Nie był to bynajmniej związek miłosny. Anna (Diane Kruger) poznała Beethovena (Ed Harris) na cztery dni przed premierą "IX Symfonii". Utwór nie był jeszcze skończony, a kompozytor potrzebował osoby zdolnej do szybkiego i dokładnego kopiowania partytury. Anna odebrała to jako uśmiech losu, choć świadoma była trudnego charakteru głuchego Beethovena. Młoda kompozytorka chciała pokazać mistrzowi swoje utwory, tymczasem stała się muzą i dobrym duchem artysty, choć niektórzy brali tę mieszkankę klasztoru za pielęgniarkę, sprzątaczkę, a nawet prostytutkę.

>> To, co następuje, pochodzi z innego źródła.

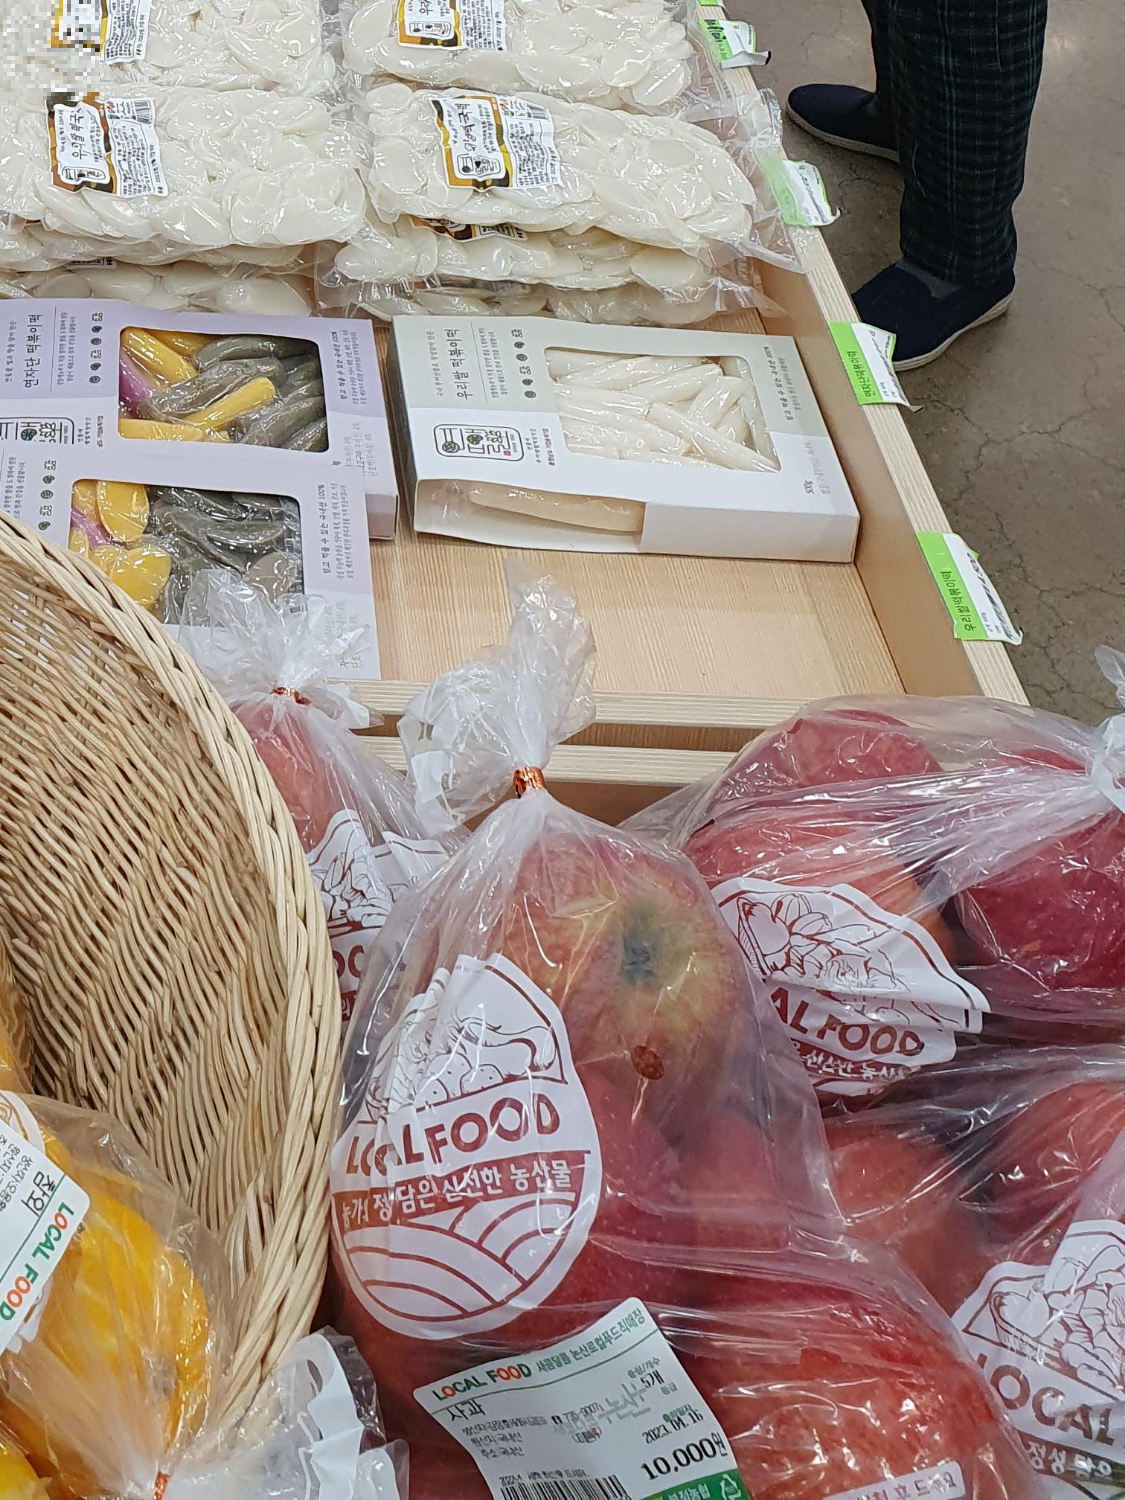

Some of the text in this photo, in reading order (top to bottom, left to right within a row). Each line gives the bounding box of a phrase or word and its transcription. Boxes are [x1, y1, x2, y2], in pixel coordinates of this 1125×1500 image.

[22, 313, 43, 388] 연자단 떡볶이떡
[445, 327, 472, 400] 우리쌀 떡볶이떡
[815, 1011, 926, 1065] FOOD
[421, 1089, 564, 1165] FOOD
[15, 1168, 61, 1218] 참외
[395, 1180, 437, 1214] 담은
[507, 1153, 573, 1197] 농산물
[25, 1201, 80, 1265] LOCAL
[431, 1371, 488, 1402] LOCAL
[485, 1358, 533, 1390] FOOD
[446, 1399, 485, 1420] 사과
[641, 1423, 673, 1444] 2023.
[636, 1430, 729, 1481] 10,000원

Odmieniony charakteryzacją Harris stworzył w "Kopii mistrza" interesującą kreację niezwykle żywiołowego i bardzo ludzkiego w swych namiętnościach Beethovena. Kruger przeciwnie, oszczędnie dobierała środki aktorskiego wyrazu. Jej skupiona, zamknięta w sobie Anna rzadko daje upust emocjom. Jest przy tym kobietą, która bez wahania domaga się należnego jej miejsca w zaanektowanym przez mężczyzn świecie kompozytorów.

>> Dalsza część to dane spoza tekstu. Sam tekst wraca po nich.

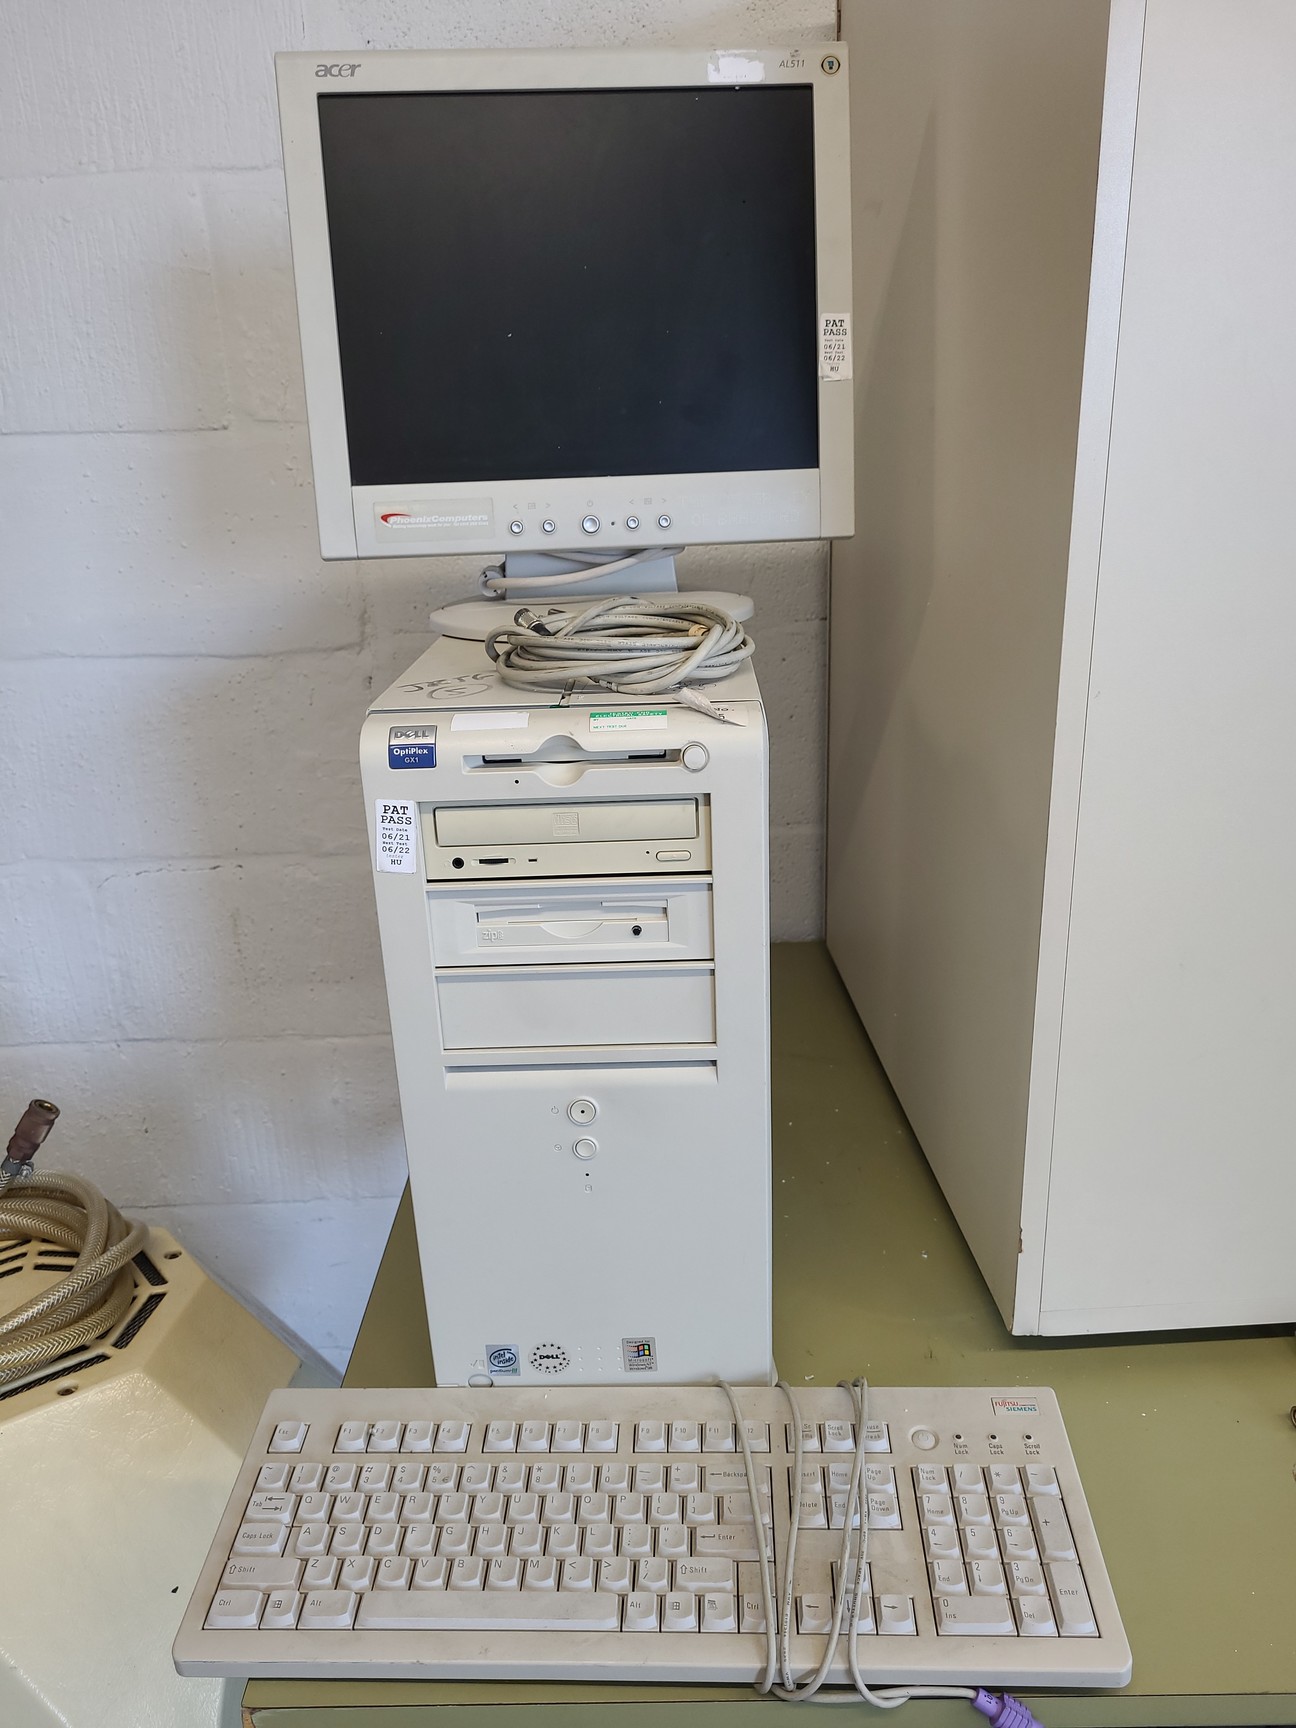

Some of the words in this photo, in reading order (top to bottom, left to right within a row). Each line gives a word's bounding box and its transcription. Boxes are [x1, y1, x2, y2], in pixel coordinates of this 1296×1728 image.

[315, 63, 361, 78] acer
[825, 319, 845, 327] PAT
[823, 328, 847, 336] PASS
[394, 730, 429, 740] DELL
[393, 747, 428, 756] OptiPlex
[382, 804, 408, 815] PAT
[381, 815, 412, 825] PASS
[382, 832, 410, 841] 06/21
[382, 846, 410, 854] 06/22
[995, 1400, 1018, 1408] FUJITSU
[866, 1467, 882, 1475] Page
[305, 1495, 313, 1504] Q
[340, 1495, 350, 1504] W
[374, 1495, 382, 1504] E
[409, 1495, 416, 1504] R
[445, 1495, 452, 1504] T
[480, 1495, 487, 1504] Y
[514, 1495, 521, 1504] U
[584, 1495, 592, 1504] O
[619, 1495, 627, 1504] P
[870, 1498, 886, 1506] Page
[926, 1496, 931, 1504] 7
[962, 1496, 967, 1504] 8
[1000, 1496, 1005, 1504] 9
[835, 1501, 846, 1509] End
[303, 1526, 311, 1535] A
[339, 1526, 346, 1535] S
[374, 1526, 382, 1535] D
[410, 1526, 417, 1535] F
[446, 1526, 454, 1535] G
[482, 1526, 489, 1535] H
[518, 1526, 525, 1535] J
[553, 1526, 560, 1535] K
[590, 1526, 596, 1535] L
[1007, 1529, 1012, 1537] 6
[311, 1559, 319, 1568] Z
[347, 1559, 356, 1568] X
[384, 1559, 392, 1568] C
[421, 1559, 429, 1568] V
[458, 1559, 465, 1568] B
[494, 1559, 502, 1568] N
[529, 1559, 540, 1568] M
[936, 1562, 941, 1570] 1
[974, 1562, 981, 1571] 2
[1013, 1562, 1020, 1571] 3
[237, 1565, 256, 1573] Shift
[1059, 1588, 1078, 1596] Enter
[310, 1599, 322, 1607] Alt
[629, 1601, 641, 1609] Alt
[746, 1602, 759, 1610] Ctrl
[942, 1598, 949, 1607] 0

Agnieszce Holland udało się wprowadzić fascynujące napięcie w scenach premiery "IX symfonii". Do samego końca nie wiadomo, czy Beethoven, mimo pomocy Anny, odpowiednio poprowadzi orkiestrę i chór. Szkoda tylko, że obiecujący motyw dojrzewania kobiety artystki został podsumowany ogólnikowym stwierdzeniem, iż sztuka zmienia szare i wąskie miejskie uliczki w łąki skąpane w słońcu.